And I appreciate everybody giving me my chance to tell the truth and to speak out about what happened and how they function and my fear if Mrs.
Clinton gets elected.
Well, of course, it's fantastic.
And of course, it was just starting in the 90s with the Drudge Report.
But it's fantastic that we have this avenue to get your work out to millions of people that otherwise wouldn't exist.
With this end run, this bypass of the mainstream media, I think, is helping to tilt the playing field to the point where what's now called the alternative media, I think, is going to become more and more mainstream for most people.
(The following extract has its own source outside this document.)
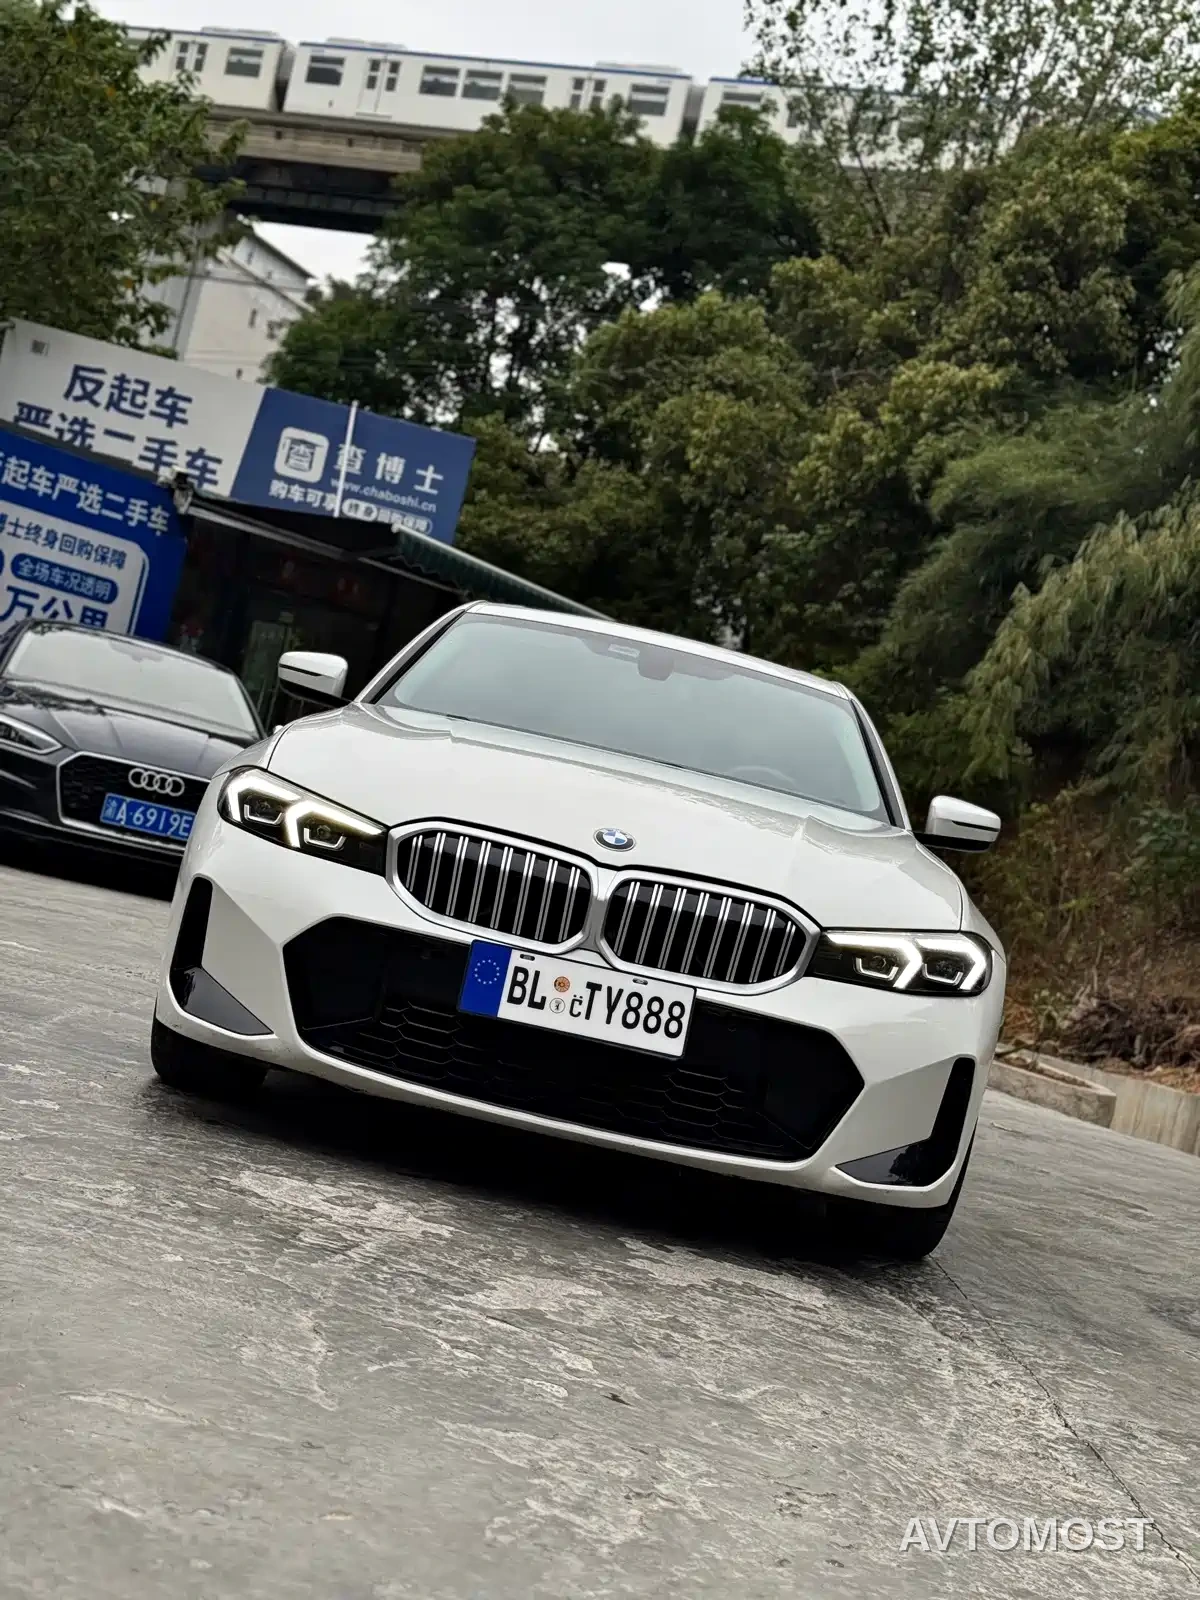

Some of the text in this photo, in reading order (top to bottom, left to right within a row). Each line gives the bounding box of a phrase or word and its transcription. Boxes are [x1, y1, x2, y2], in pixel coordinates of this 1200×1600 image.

Now, one of the stories that you talk about is, I guess, a little sordid.
But as you point out, you know, the most dangerous circumstances for people in uniform is a domestic dispute or domestic violence dispute.
And you witnessed what you believe to be some of that even within the White House.
Yeah, yeah.
So, you know, when the Clintons were in Arkansas and Bill Clinton was governor, we heard all these stories when he started running for president of all this violent behavior between him and Mrs.
Clinton.
And all his philandering with women.
And we were told it was just, you know, right-wing politics and Arkansas politics.
It was all made up.
And it turned out to be all true.
And one of the examples of that is about her temper and her violent behavior towards other people, and especially President Clinton, her husband.
And one of the stories I tell in the book is, one morning I come into work, and I understand from some of my coworkers and some of the people that work in the mansion that there's been a bad argument upstairs.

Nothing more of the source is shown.